## What you are asked to do
Produce an exact copy of all the data below, dropping every image.

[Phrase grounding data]
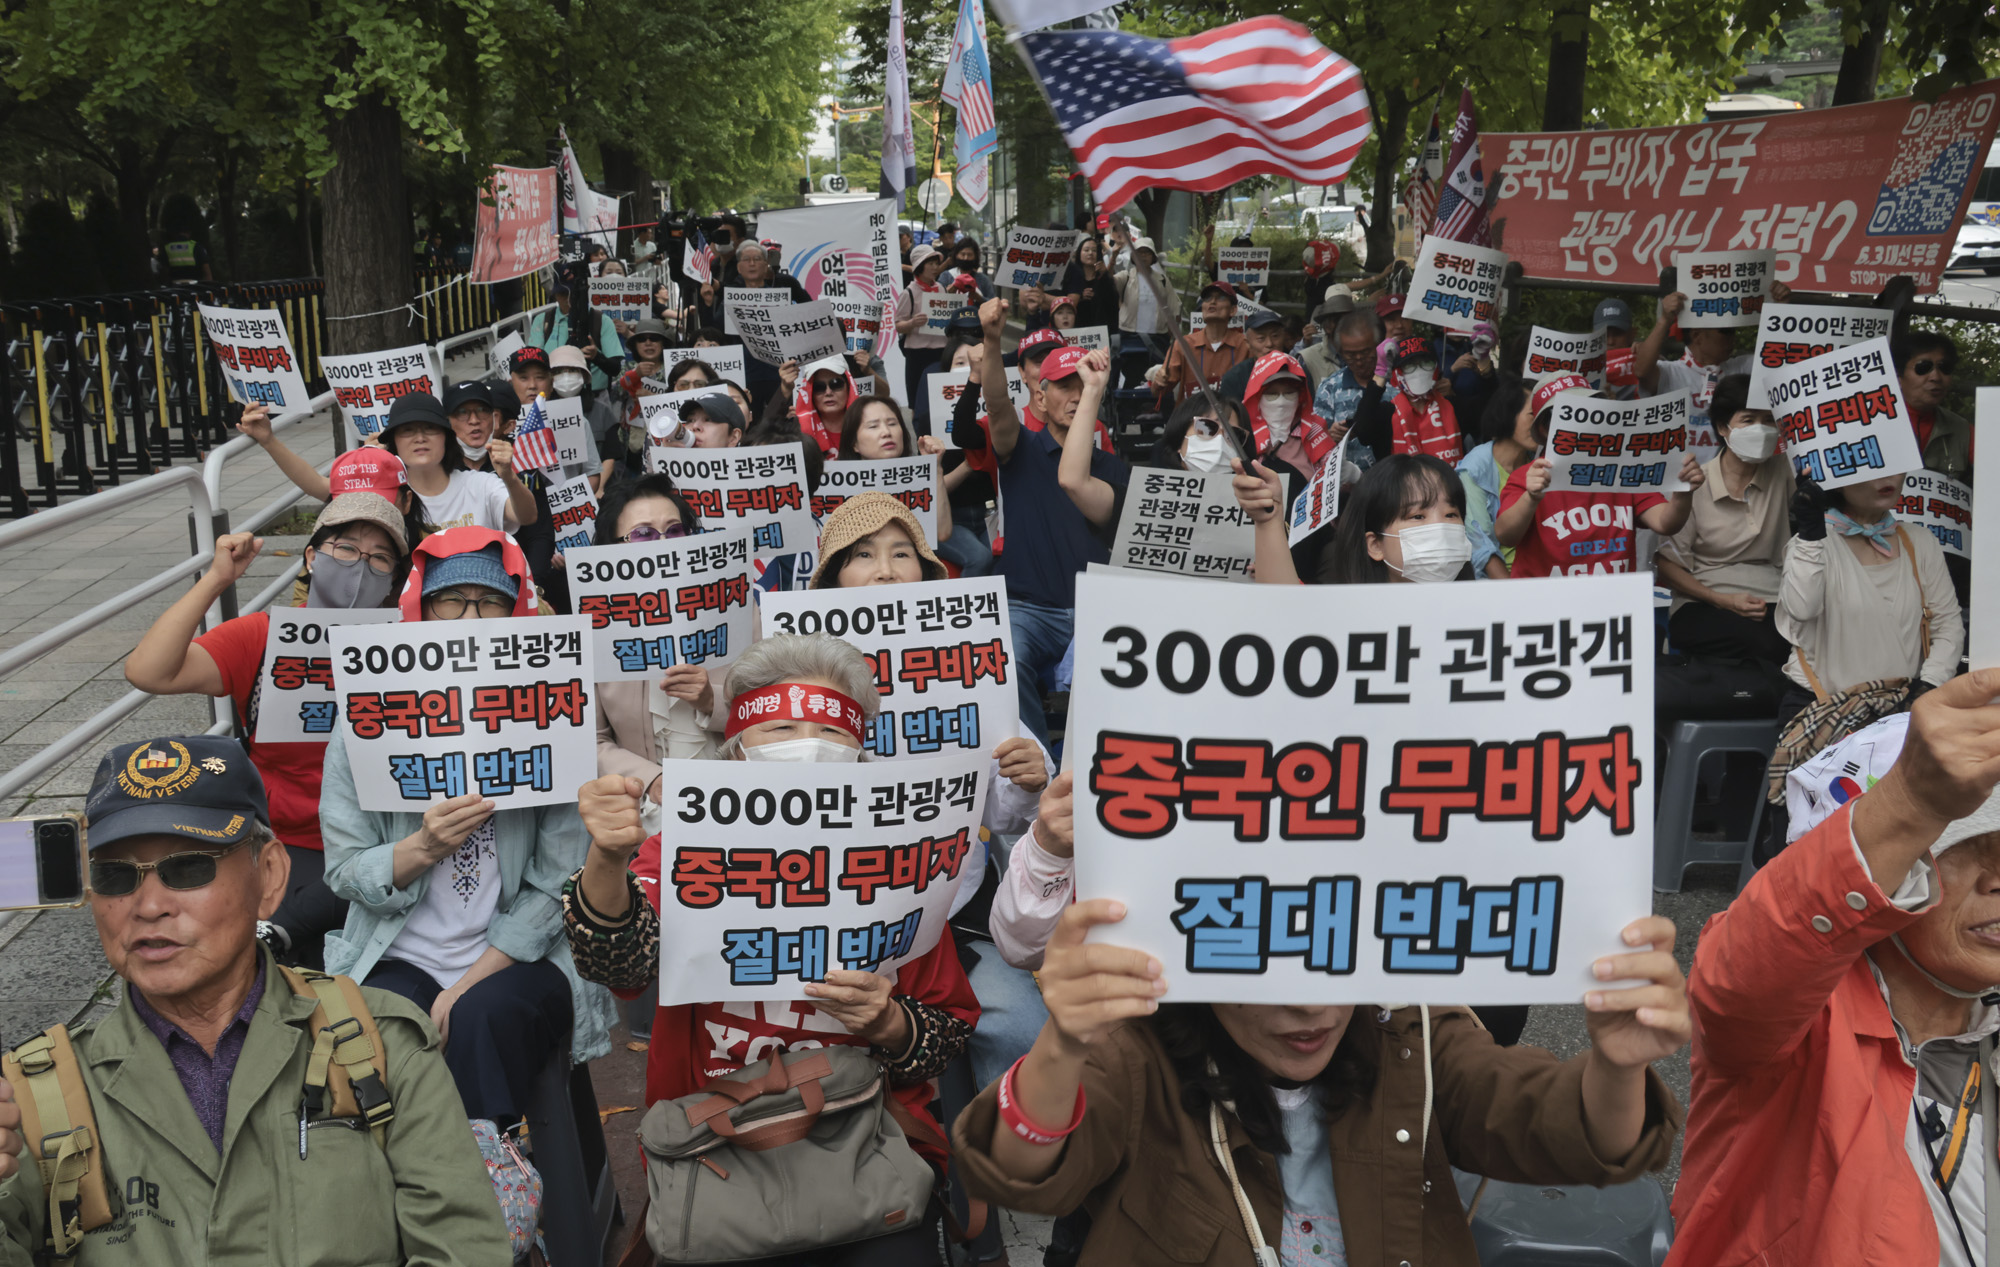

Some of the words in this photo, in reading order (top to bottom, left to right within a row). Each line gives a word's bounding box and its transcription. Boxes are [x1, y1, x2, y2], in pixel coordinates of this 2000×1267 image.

[1498, 136, 1580, 200] 중국인
[1578, 129, 1680, 200] 무비자
[1679, 121, 1768, 197] 입국
[1013, 232, 1055, 248] 3000만
[1560, 210, 1637, 277] 관광
[1007, 247, 1045, 268] 중국인
[1220, 250, 1249, 259] 3000만
[1433, 252, 1476, 277] 중국인
[1690, 263, 1732, 280] 중국인
[1735, 261, 1768, 277] 관광객
[1850, 271, 1878, 286] STOP
[591, 282, 625, 291] 3000만
[626, 282, 650, 291] 관광객
[727, 293, 762, 301] 3000만
[765, 292, 789, 301] 관광객
[1698, 278, 1761, 294] 3000만명
[733, 307, 771, 323] 중국인
[1421, 289, 1473, 319] 무비자
[1690, 297, 1740, 317] 무비자
[237, 319, 282, 338] 관광객
[739, 321, 777, 337] 관광객
[779, 314, 835, 338] 유치보다
[1080, 334, 1101, 343] 관광객
[1767, 315, 1847, 338] 3000만
[1850, 317, 1889, 339] 관광객
[670, 350, 700, 362] 중국인
[1059, 352, 1071, 363] STOP
[1072, 351, 1081, 359] THE
[1534, 335, 1588, 355] 3000만
[237, 345, 293, 373] 무비자
[324, 362, 374, 380] 3000만
[377, 353, 427, 377] 관광객
[333, 385, 374, 409] 중국인
[373, 374, 434, 407] 무비자
[1540, 377, 1575, 400] 이재명
[1767, 371, 1819, 409] 3000만
[1823, 350, 1887, 391] 관광객
[247, 380, 287, 407] 반대
[353, 414, 381, 437] 절대
[1559, 404, 1641, 428] 3000만
[1643, 398, 1687, 427] 관광객
[1777, 405, 1817, 446] 국인
[1817, 384, 1899, 435] 무비자
[1553, 429, 1625, 458] 중국인
[1626, 425, 1688, 457] 무비자
[338, 464, 358, 477] STOP
[358, 463, 379, 474] THE
[657, 460, 730, 481] 3000만
[735, 453, 798, 479] 관광객
[1824, 434, 1886, 479] 반대
[344, 478, 375, 491] STEAL
[820, 469, 877, 488] 000만
[881, 463, 932, 487] 관광객
[1144, 473, 1206, 499] 중국인
[1569, 463, 1618, 486] 절대
[1619, 461, 1667, 487] 반대
[547, 483, 589, 508] 관광객
[671, 488, 725, 518] 국인
[727, 481, 805, 518] 무비자
[1138, 498, 1201, 523] 관광객
[1541, 503, 1633, 540] YOON
[753, 522, 784, 552] 대
[1132, 521, 1194, 546] 자국민
[1570, 536, 1627, 557] GREAT
[576, 551, 681, 583] 3000만
[686, 538, 748, 574] 관광객
[1127, 545, 1188, 571] 안전이
[579, 588, 673, 630] 중국인
[675, 572, 750, 621] 무비자
[915, 591, 1001, 633] 관광객
[342, 636, 481, 676] 3000만
[489, 630, 583, 672] 관광객
[613, 635, 678, 672] 절대
[679, 622, 729, 665] 반대
[1099, 624, 1421, 706] 3000만
[1440, 614, 1634, 704] 관광객
[898, 638, 1009, 694] 무비자
[346, 686, 466, 740] 중국인
[470, 678, 588, 734] 무비자
[738, 693, 781, 721] 이재명
[807, 694, 842, 718] 투쟁
[902, 702, 981, 755] 반대
[117, 769, 152, 799] VIETNAM
[154, 764, 202, 798] VETERAN
[389, 751, 468, 801] 절대
[473, 744, 554, 798] 반대
[1089, 730, 1368, 843] 중국인
[1380, 725, 1642, 843] 무비자
[677, 785, 858, 829] 3000만
[867, 770, 979, 828] 관광객
[172, 823, 226, 838] VIETNAM
[222, 814, 246, 837] VETERAN
[672, 845, 831, 909] 중국인
[838, 826, 971, 906] 무비자
[1169, 874, 1362, 975] 절대
[1373, 874, 1565, 976] 반대
[720, 925, 830, 986] 절대
[837, 907, 924, 975] 반대
[146, 1208, 176, 1228] FUTURE
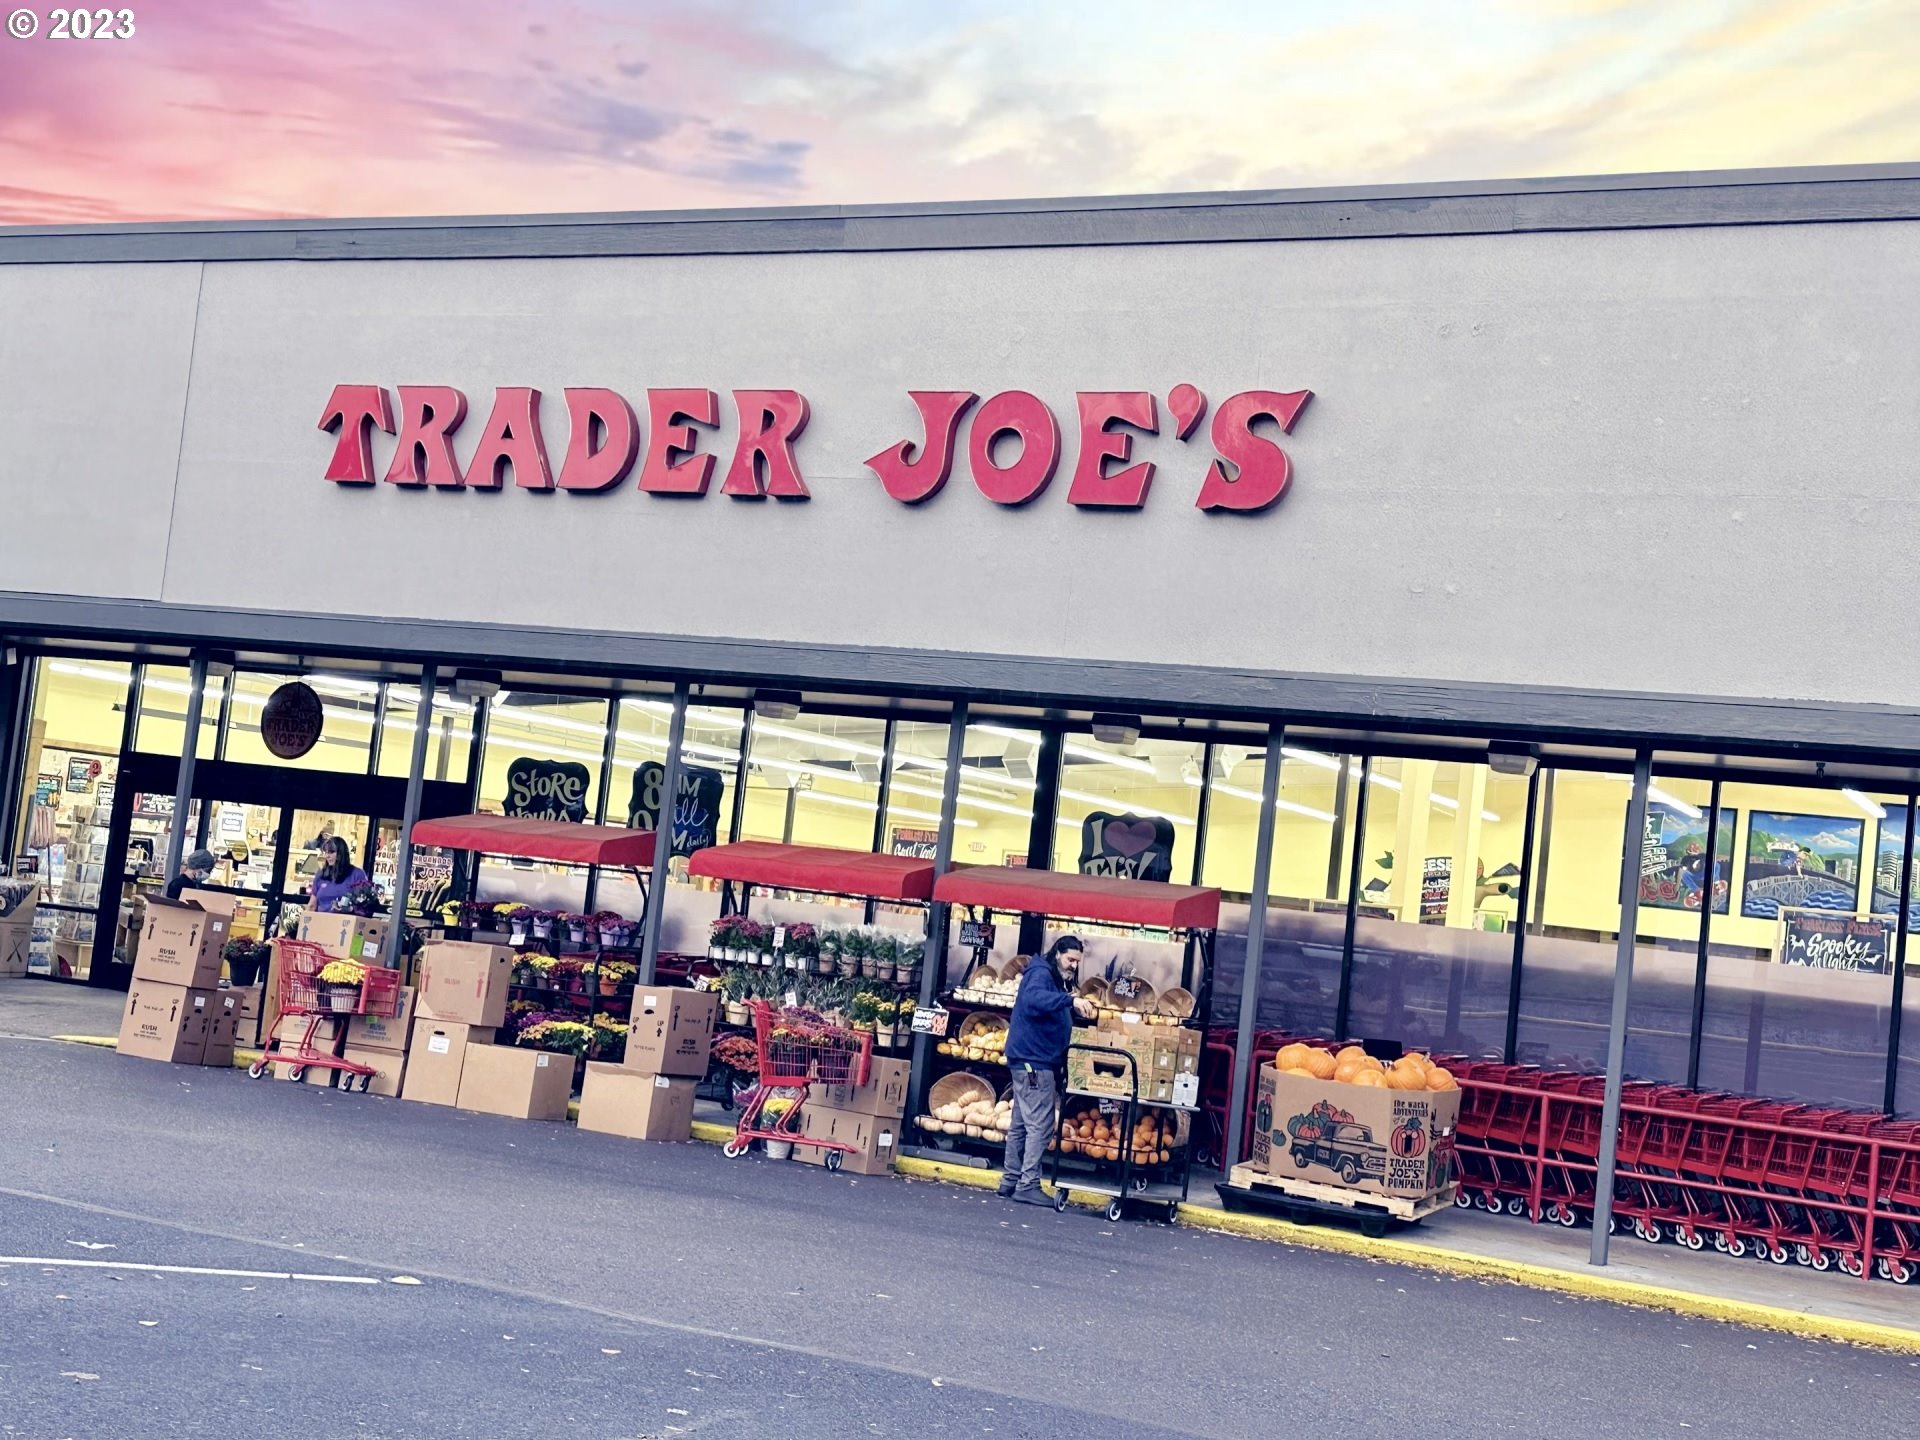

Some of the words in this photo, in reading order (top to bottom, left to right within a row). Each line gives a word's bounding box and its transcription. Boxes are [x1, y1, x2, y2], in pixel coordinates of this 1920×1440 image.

[318, 384, 811, 500] TRADER
[863, 383, 1316, 513] JOE'S
[643, 767, 663, 810] 8
[1090, 818, 1104, 858] I
[1806, 932, 1871, 959] Spooky
[1388, 1166, 1421, 1179] JOE'S
[1389, 1157, 1425, 1169] TRADER
[1387, 1177, 1424, 1190] PUMPKIN
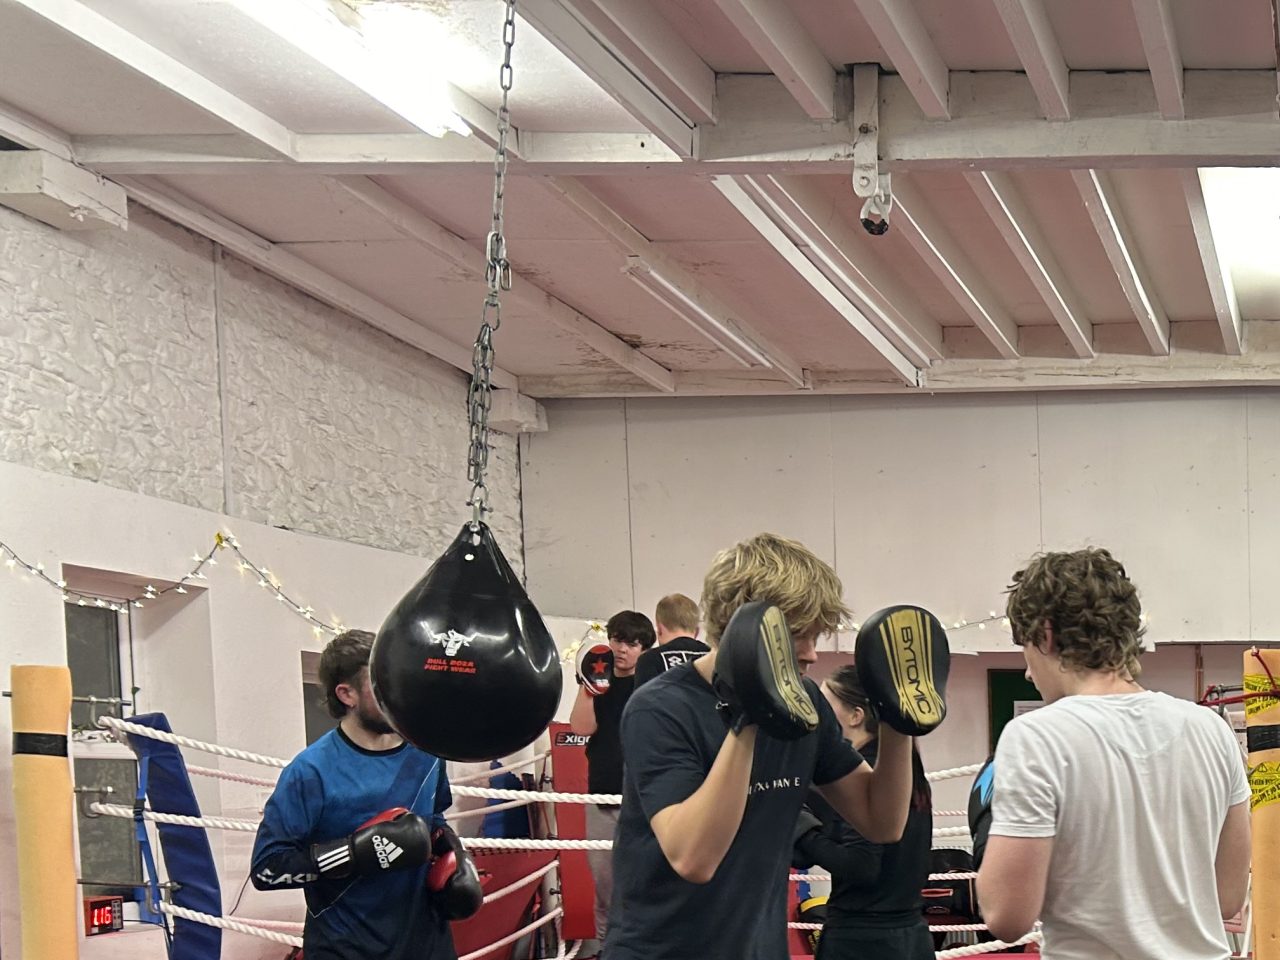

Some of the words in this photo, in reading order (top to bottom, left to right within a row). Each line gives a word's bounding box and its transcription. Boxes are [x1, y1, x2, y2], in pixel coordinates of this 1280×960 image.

[427, 658, 447, 666] BULL
[450, 666, 477, 674] WEAR
[774, 624, 813, 716] BYTOMIC
[901, 626, 932, 715] BYTOMIC
[371, 835, 390, 869] adidas

## Solution for this problem
Some of the words in this photo, in reading order (top to bottom, left to right within a row). Each line gives a word's bounding box and its transcription. Boxes are [x1, y1, x2, y2], in pixel coordinates of this 2000×1267 image.

[1498, 136, 1580, 200] 중국인
[1578, 129, 1680, 200] 무비자
[1679, 121, 1768, 197] 입국
[1013, 232, 1055, 248] 3000만
[1560, 210, 1637, 277] 관광
[1007, 247, 1045, 268] 중국인
[1220, 250, 1249, 259] 3000만
[1433, 252, 1476, 277] 중국인
[1690, 263, 1732, 280] 중국인
[1735, 261, 1768, 277] 관광객
[1850, 271, 1878, 286] STOP
[591, 282, 625, 291] 3000만
[626, 282, 650, 291] 관광객
[727, 293, 762, 301] 3000만
[765, 292, 789, 301] 관광객
[1698, 278, 1761, 294] 3000만명
[733, 307, 771, 323] 중국인
[1421, 289, 1473, 319] 무비자
[1690, 297, 1740, 317] 무비자
[237, 319, 282, 338] 관광객
[739, 321, 777, 337] 관광객
[779, 314, 835, 338] 유치보다
[1080, 334, 1101, 343] 관광객
[1767, 315, 1847, 338] 3000만
[1850, 317, 1889, 339] 관광객
[670, 350, 700, 362] 중국인
[1059, 352, 1071, 363] STOP
[1072, 351, 1081, 359] THE
[1534, 335, 1588, 355] 3000만
[237, 345, 293, 373] 무비자
[324, 362, 374, 380] 3000만
[377, 353, 427, 377] 관광객
[333, 385, 374, 409] 중국인
[373, 374, 434, 407] 무비자
[1540, 377, 1575, 400] 이재명
[1767, 371, 1819, 409] 3000만
[1823, 350, 1887, 391] 관광객
[247, 380, 287, 407] 반대
[353, 414, 381, 437] 절대
[1559, 404, 1641, 428] 3000만
[1643, 398, 1687, 427] 관광객
[1777, 405, 1817, 446] 국인
[1817, 384, 1899, 435] 무비자
[1553, 429, 1625, 458] 중국인
[1626, 425, 1688, 457] 무비자
[338, 464, 358, 477] STOP
[358, 463, 379, 474] THE
[657, 460, 730, 481] 3000만
[735, 453, 798, 479] 관광객
[1824, 434, 1886, 479] 반대
[344, 478, 375, 491] STEAL
[820, 469, 877, 488] 000만
[881, 463, 932, 487] 관광객
[1144, 473, 1206, 499] 중국인
[1569, 463, 1618, 486] 절대
[1619, 461, 1667, 487] 반대
[547, 483, 589, 508] 관광객
[671, 488, 725, 518] 국인
[727, 481, 805, 518] 무비자
[1138, 498, 1201, 523] 관광객
[1541, 503, 1633, 540] YOON
[753, 522, 784, 552] 대
[1132, 521, 1194, 546] 자국민
[1570, 536, 1627, 557] GREAT
[576, 551, 681, 583] 3000만
[686, 538, 748, 574] 관광객
[1127, 545, 1188, 571] 안전이
[579, 588, 673, 630] 중국인
[675, 572, 750, 621] 무비자
[915, 591, 1001, 633] 관광객
[342, 636, 481, 676] 3000만
[489, 630, 583, 672] 관광객
[613, 635, 678, 672] 절대
[679, 622, 729, 665] 반대
[1099, 624, 1421, 706] 3000만
[1440, 614, 1634, 704] 관광객
[898, 638, 1009, 694] 무비자
[346, 686, 466, 740] 중국인
[470, 678, 588, 734] 무비자
[738, 693, 781, 721] 이재명
[807, 694, 842, 718] 투쟁
[902, 702, 981, 755] 반대
[117, 769, 152, 799] VIETNAM
[154, 764, 202, 798] VETERAN
[389, 751, 468, 801] 절대
[473, 744, 554, 798] 반대
[1089, 730, 1368, 843] 중국인
[1380, 725, 1642, 843] 무비자
[677, 785, 858, 829] 3000만
[867, 770, 979, 828] 관광객
[172, 823, 226, 838] VIETNAM
[222, 814, 246, 837] VETERAN
[672, 845, 831, 909] 중국인
[838, 826, 971, 906] 무비자
[1169, 874, 1362, 975] 절대
[1373, 874, 1565, 976] 반대
[720, 925, 830, 986] 절대
[837, 907, 924, 975] 반대
[146, 1208, 176, 1228] FUTURE

Some of the words in this photo, in reading order (top to bottom, left to right within a row). Each line gives a word's bounding box and its transcription. Boxes are [x1, y1, x2, y2], in pixel coordinates of this 1920×1440 image.

[318, 384, 811, 500] TRADER
[863, 383, 1316, 513] JOE'S
[643, 767, 663, 810] 8
[1090, 818, 1104, 858] I
[1806, 932, 1871, 959] Spooky
[1388, 1166, 1421, 1179] JOE'S
[1389, 1157, 1425, 1169] TRADER
[1387, 1177, 1424, 1190] PUMPKIN

Some of the words in this photo, in reading order (top to bottom, left to right within a row). Each line gives a word's bounding box and its transcription. Boxes are [x1, y1, x2, y2], in pixel coordinates of this 1280×960 image.

[427, 658, 447, 666] BULL
[450, 666, 477, 674] WEAR
[774, 624, 813, 716] BYTOMIC
[901, 626, 932, 715] BYTOMIC
[371, 835, 390, 869] adidas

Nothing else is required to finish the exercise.